I don’t know why Sicinski doesn’t like The Killing, but my first guess would be that he fosters a similar sense of disappointment. But there is something else that I find displeasing about the series, something that I feel has to do with my viewing experiences as an occasional consumer of European or, more precisely, Scandinavian and German police procedurals. (This is where I should point to the fact that The Killing is the American remake of a Danish series entitled Forbrydelsen, which I haven’t yet come around to seeing.) It concerns some stylistic choices – the stereotypically reduced colour palette with its darkish-blue dominant; the warm (if dampened) lower-middle class interiors, pitted against the power elite’s cold glass-and-steel-environments – but also the constant intimations of an almost existential and thus inescapable dark side to humanity, exactly the kind of best-selling angst The Girl with the Dragon Tattoo (Niels Arden Oplev’s film, not Stieg Larsson’s novel, which I haven't read) carries to the market.
It’s not all bad, though. The pain that the victim’s parents have to go through is rendered in images that are neither too much nor too little, images that instead of seeking a supposed right balance between closeness and distance move back and forth between the two, confusing them, so that a respectful long take can feel singed by despair while a close-up might take us far away from the face whose affectivity it strives to capture. Another defining feature of The Killing’s design deserves mention. Although some might deem the ceaseless downpour of rain a cheap device in the service of the commodification of angst, to me it appears as a very effective and befitting building block of a muddled world that knows no solid ground. Much like Rubicon, another amc-series that, as Simon Rothöhler demonstrates in Cargo #8, betrays a deep sense of "epistemic scepticism", The Killing takes place in an ever shifting, never quite self-identical Seattle, covered in rain and mist. It also heaps plot twists upon turns like there’s no tomorrow – but here the series comes too close to the well-known game of switching suspicions to hold my attention.
The reason why I am still watching and, contrary to Sicinski, don’t want to pull the plug yet, is not a desire for a finalized knowledge of who, in the end, commited the crime.
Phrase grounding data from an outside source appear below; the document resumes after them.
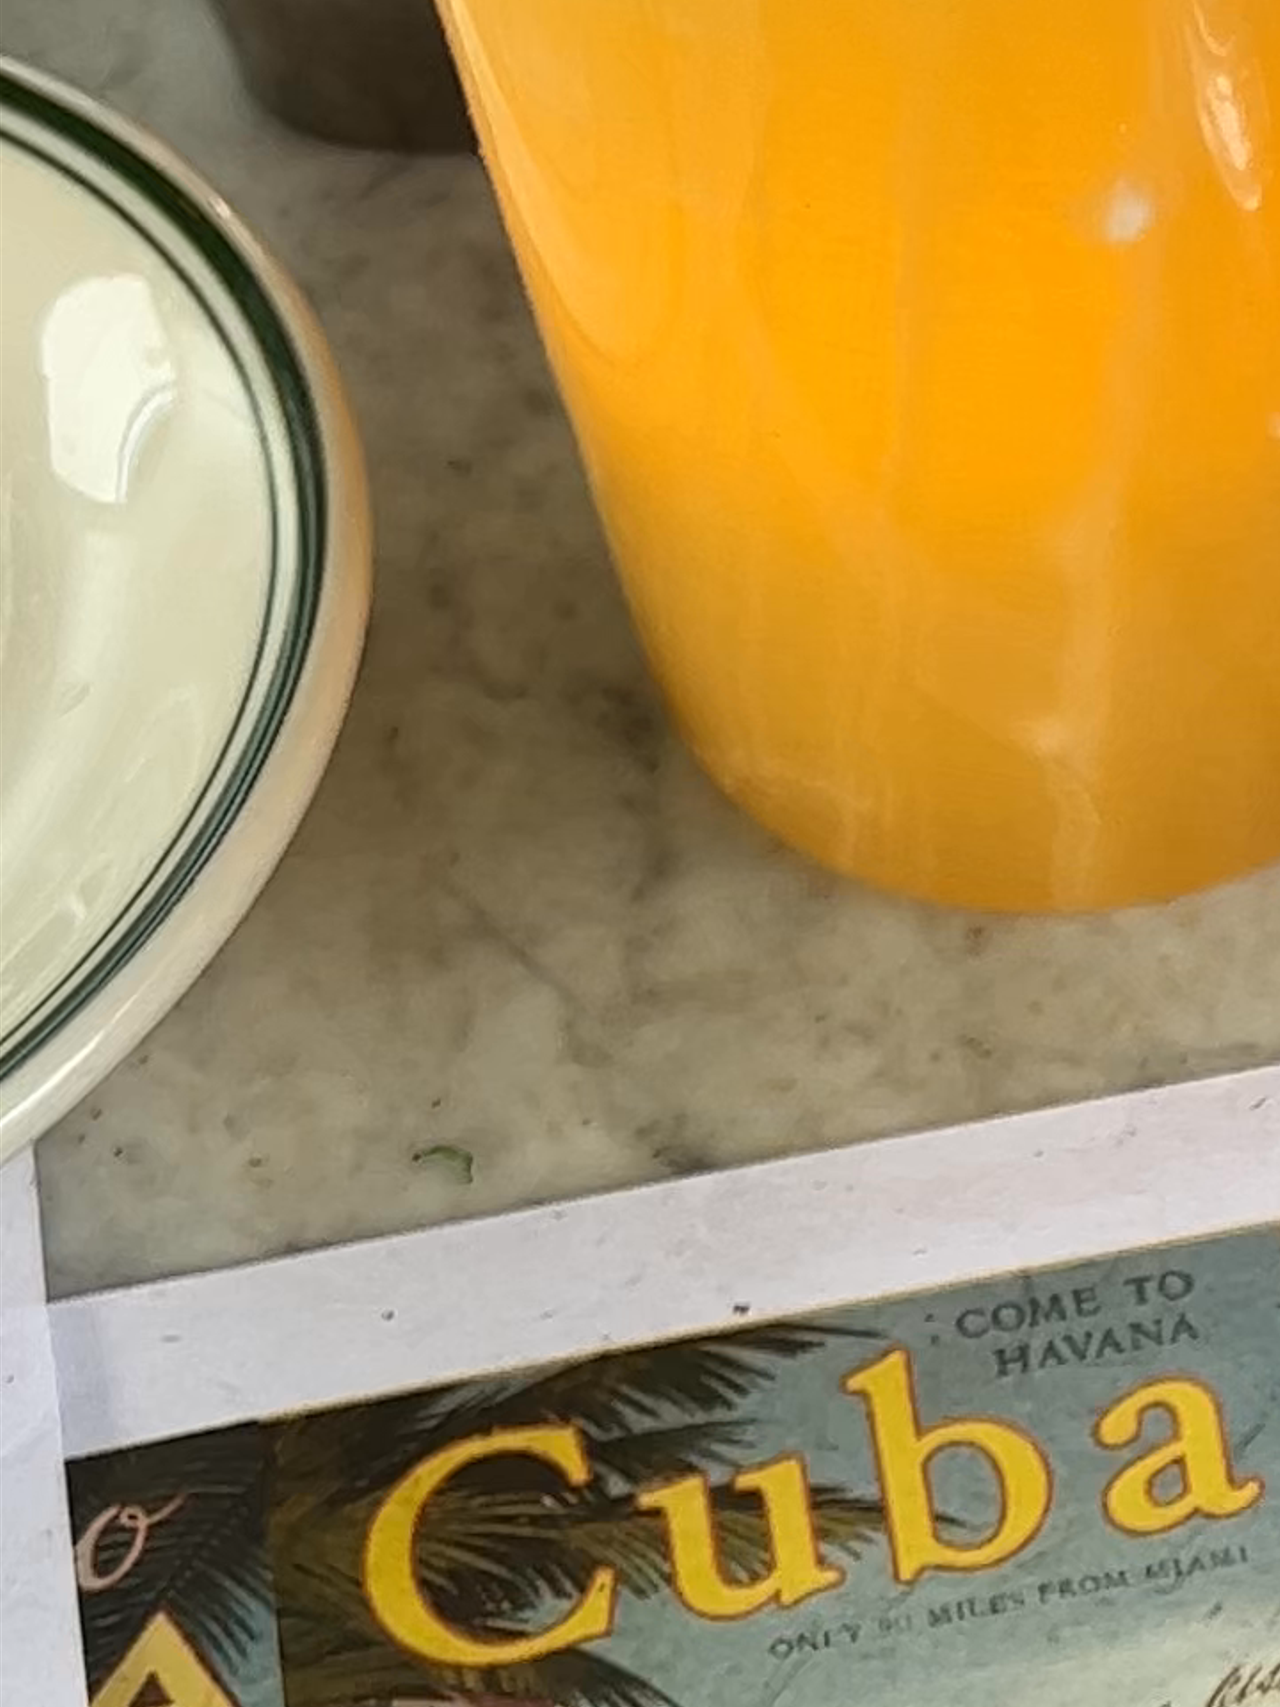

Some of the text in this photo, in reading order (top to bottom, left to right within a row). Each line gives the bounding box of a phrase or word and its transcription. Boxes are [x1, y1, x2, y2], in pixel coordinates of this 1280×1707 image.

[954, 1269, 1196, 1340] COME TO
[991, 1311, 1201, 1379] HAVANA
[361, 1345, 1264, 1670] Cuba
[1036, 1567, 1131, 1606] FROM
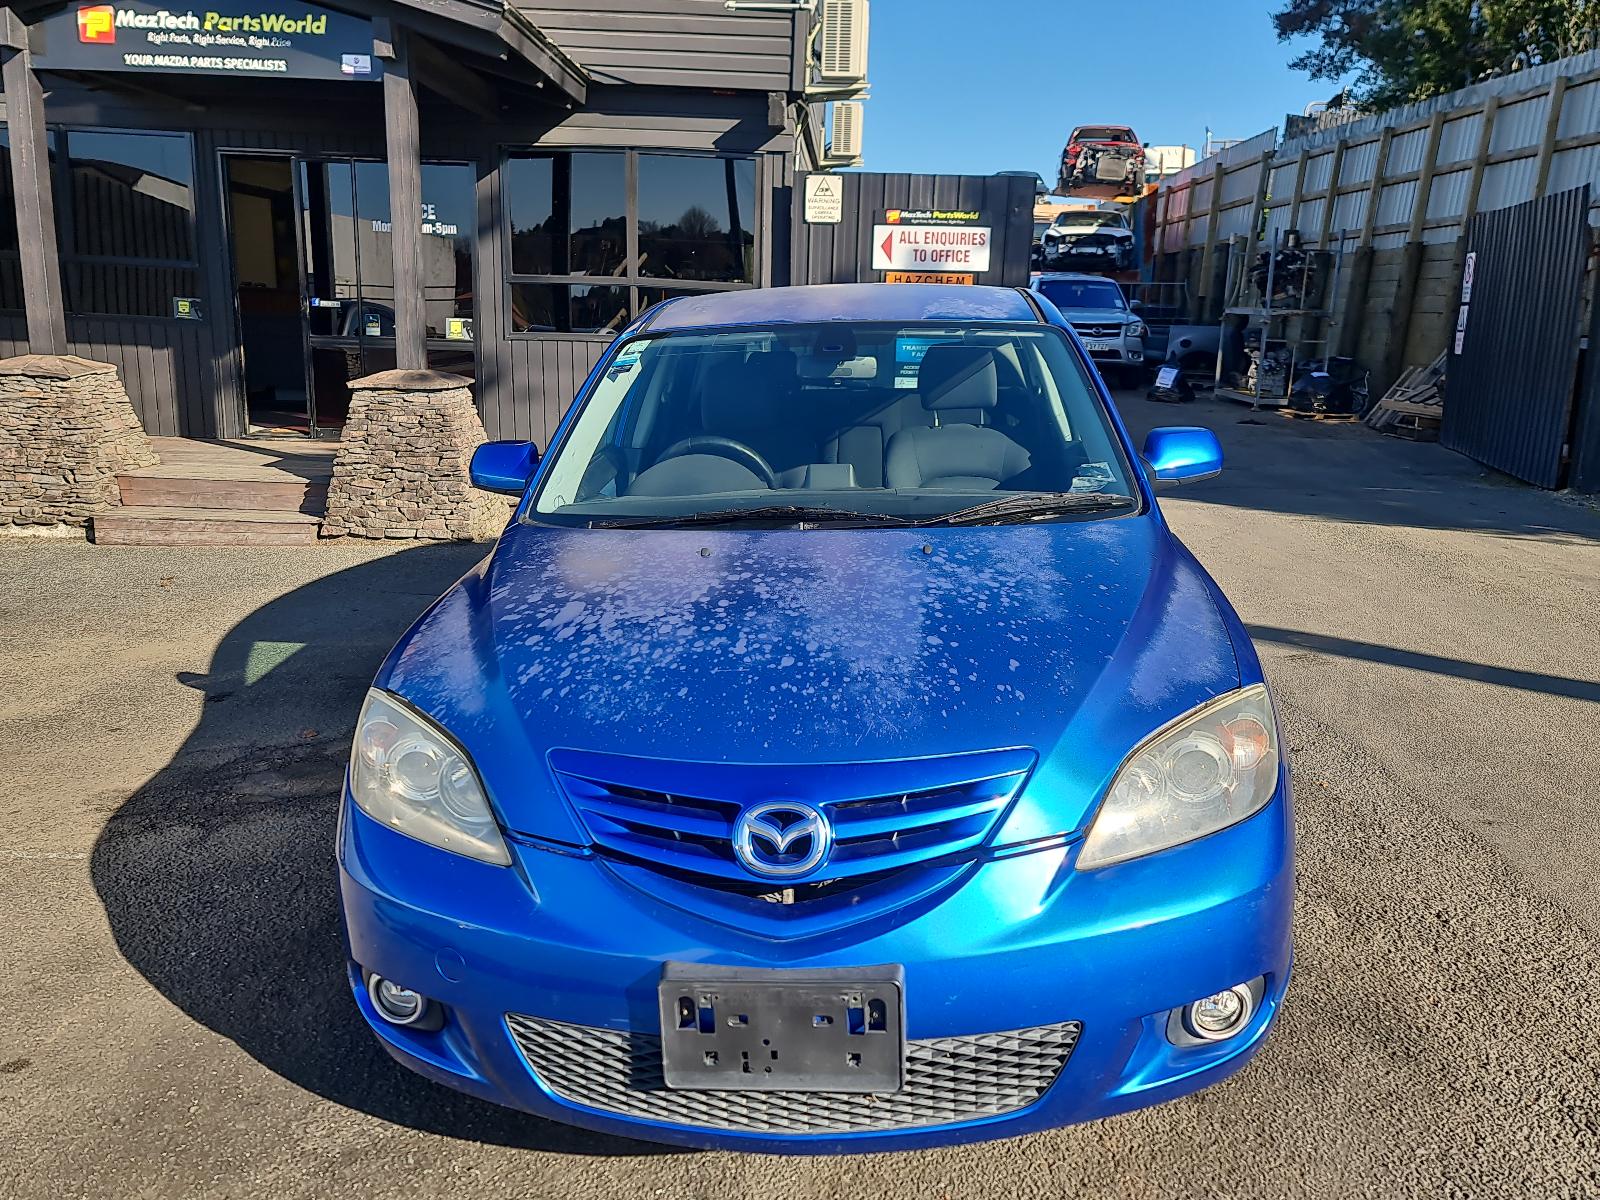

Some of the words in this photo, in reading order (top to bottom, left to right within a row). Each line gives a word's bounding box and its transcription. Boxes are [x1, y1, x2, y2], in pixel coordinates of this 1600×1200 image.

The reason I haven’t moved on is because in some respects (and admittedly not sufficiently so) The Killing itself is a moving thing, a state of being beautifully allegorized by Mireille Enos’ character, who is supposed to lead a murder investigation without standing on firm ground herself. From the first episode she is trying to leave Seattle, her job, the killing behind for another life that she never quite reaches. Meanwhile she stays, of all places, on a boat.